Sex chromosome meiotic drive is caused by a selfish genetic element that produces a highly skewed offspring sex ratio, often by killing all Y-bearing spermatids during spermatogenesis. This process results in intense intragenomic conflict between the selfish meiotic drive element and the rest of the genome, which is expected to have far reaching effects on the evolution of the genome. The long-term goal of this proposal is to better understand how meiotic drive evolves.
One aim utilizes RNA-seq to sequence the testes transcriptome of drive and non-drive males from five wild populations of the stalk-eyed fly, Teleopsis dalmanni, in order to identify genes associated with meiotic drive in these populations. These data will be used to test the hypothesis that intragenomic conflict caused by meiotic drive has driven increased gene duplication and gene movement.

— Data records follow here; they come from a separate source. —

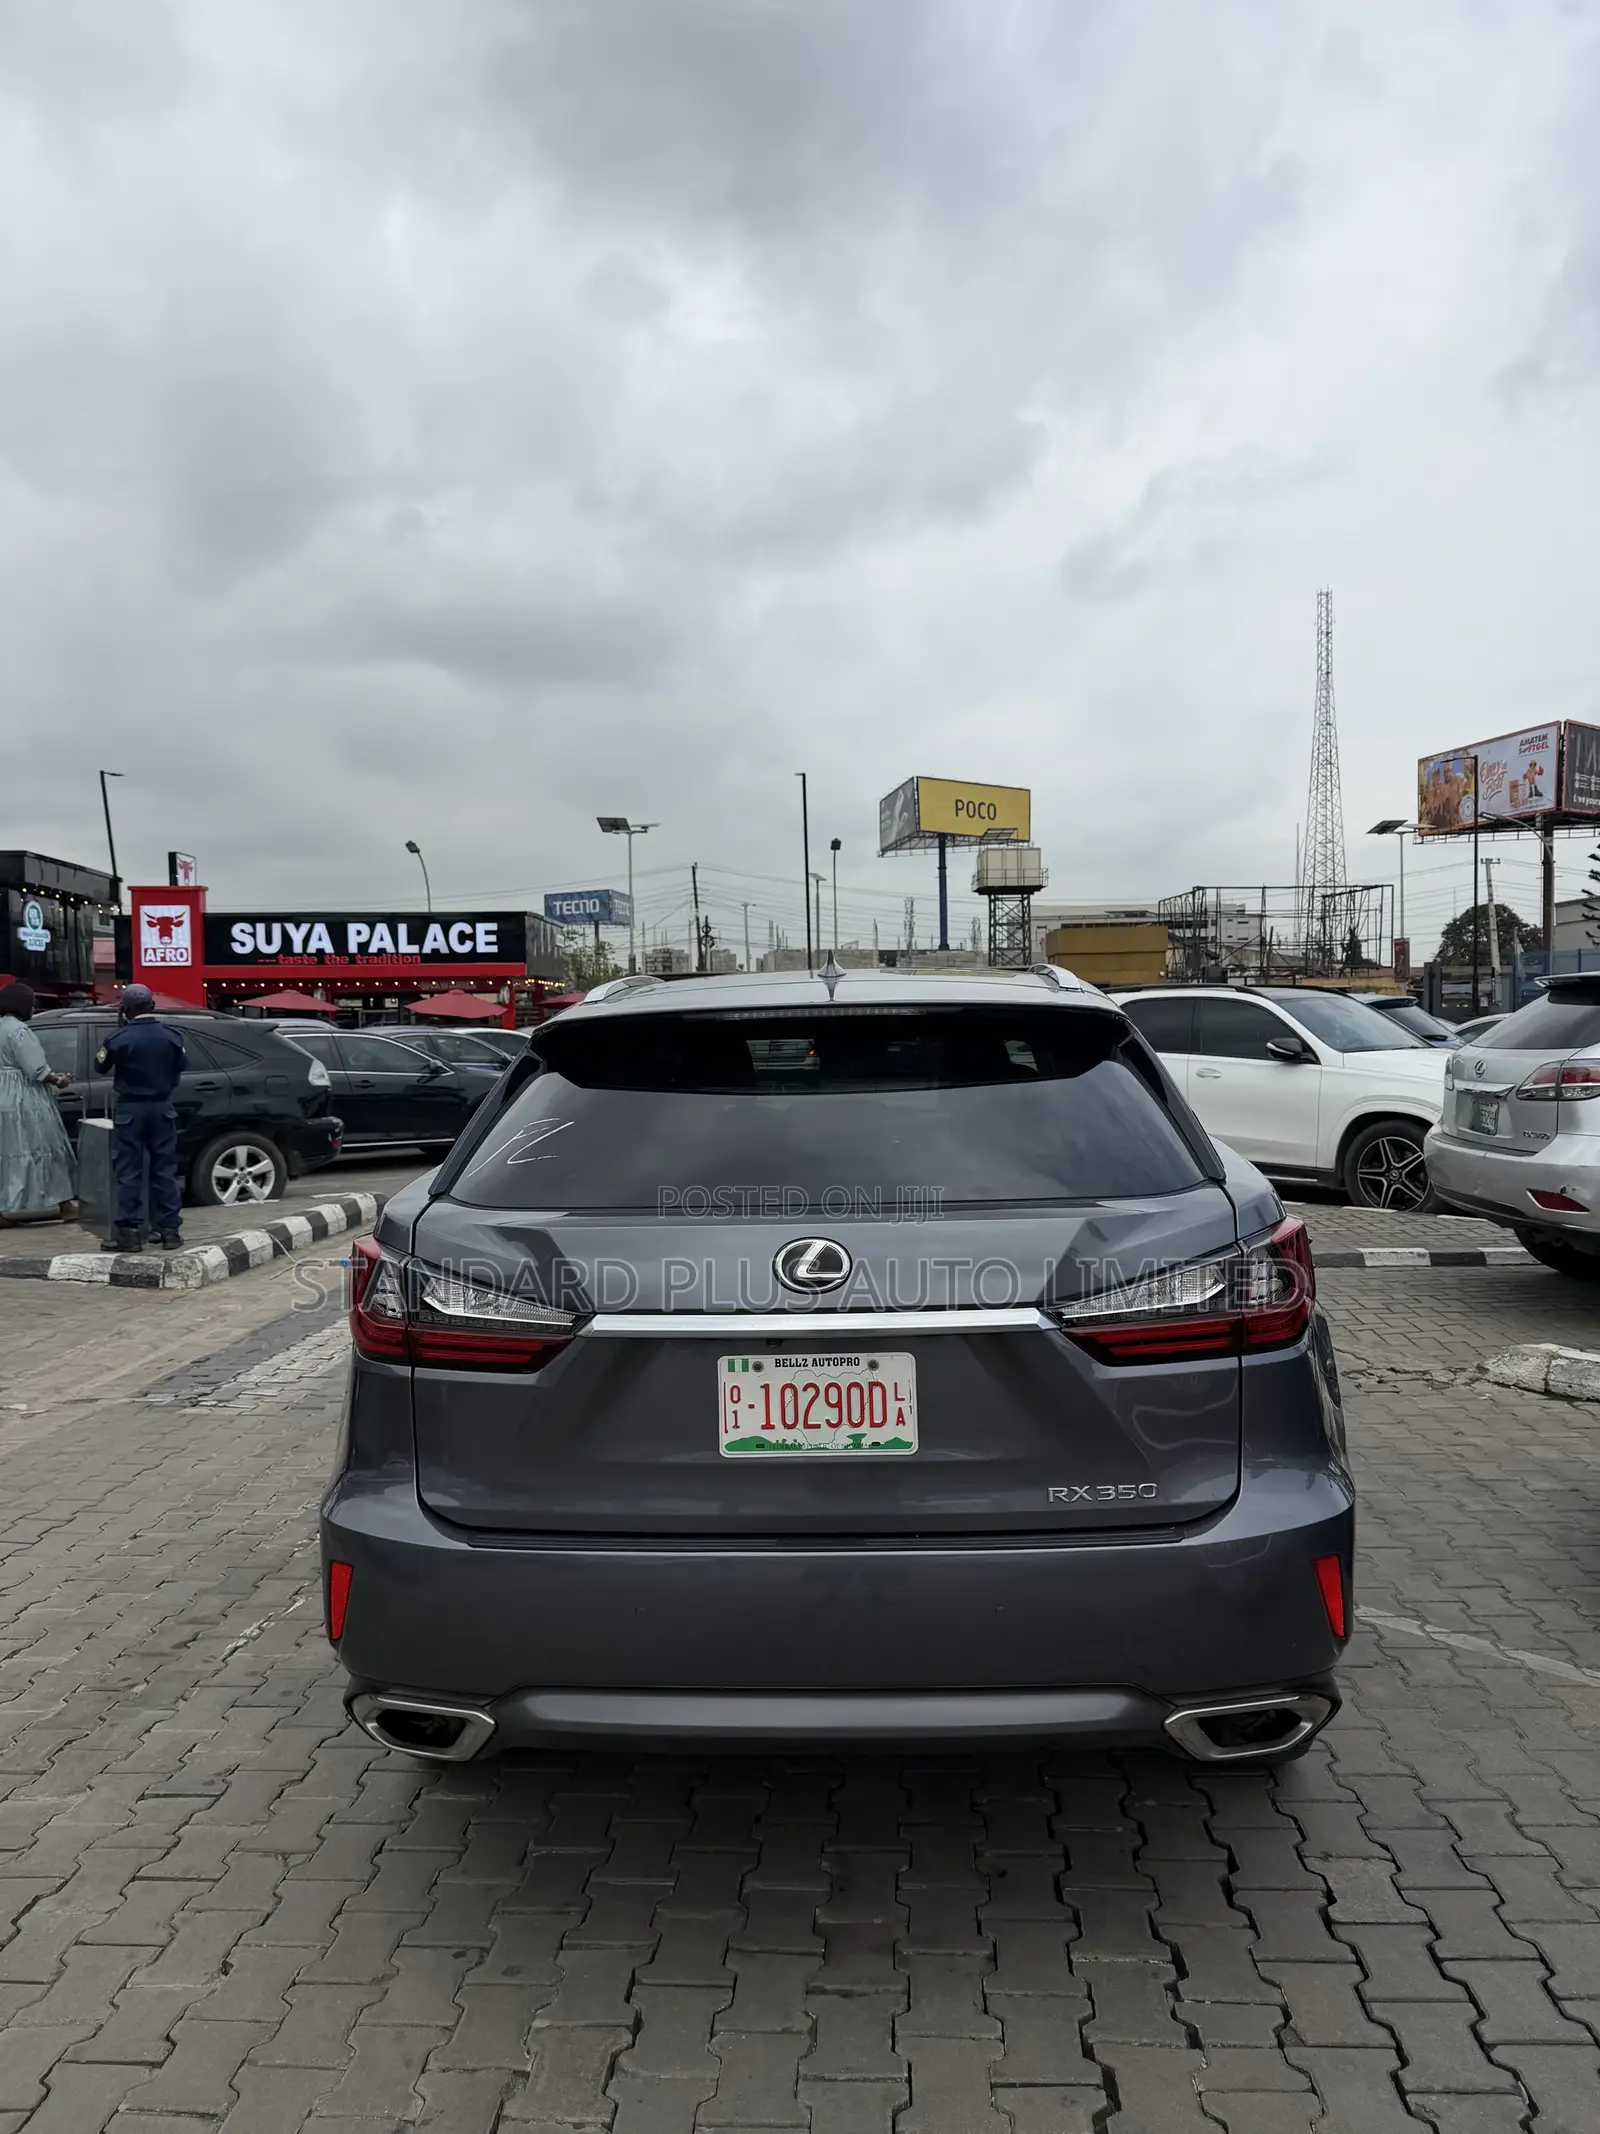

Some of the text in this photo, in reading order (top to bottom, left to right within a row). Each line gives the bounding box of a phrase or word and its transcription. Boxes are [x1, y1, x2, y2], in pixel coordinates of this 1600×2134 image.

[1519, 733, 1548, 748] AMATEM
[954, 798, 997, 821] POCO
[553, 898, 600, 915] TECNO
[230, 921, 499, 954] SUYA PALACE
[145, 948, 188, 962] AFRO
[278, 953, 421, 965] taste the tradition
[774, 1356, 861, 1368] BELLZ AUTOPRO
[1047, 1483, 1158, 1502] RX 350

A second aim asks what selective forces affect the evolution of meiotic drive in populations. This question is addressed using an experimental evolution approach to ask whether sexual selection acts to limit the transmission of drive and how the presence of drive affects the evolution of sexually selected traits in artificial populations. This research expands our understanding of the evolution of meiotic drive by providing a useful contrast with previous research within the genus Drosophila, where sex ratio meiotic drive has also been studied. This proposal also has biomedical relevance because it will improve our understanding of spermatogenesis by investigating the evolution of natural variation in spermatogenesis, by comparing sex-ratio and standard males, on the level of genes and populations.
Sex chromosome meiotic drive causes an individual carrying the meiotic drive gene to have offspring of only one sex. This trait appears to have such negative consequences to the fitness of the carrier that we find ourselves asking, how did this trait evolve and how can it be maintained in a successful population? This proposal addresses questions about the evolution of sex chromosome meiotic drive in stalk-eyed flies by asking how evolutionary forces affect the frequency of the meiotic drive phenotype and how the genes underlying meiotic drive affect the evolution of populations.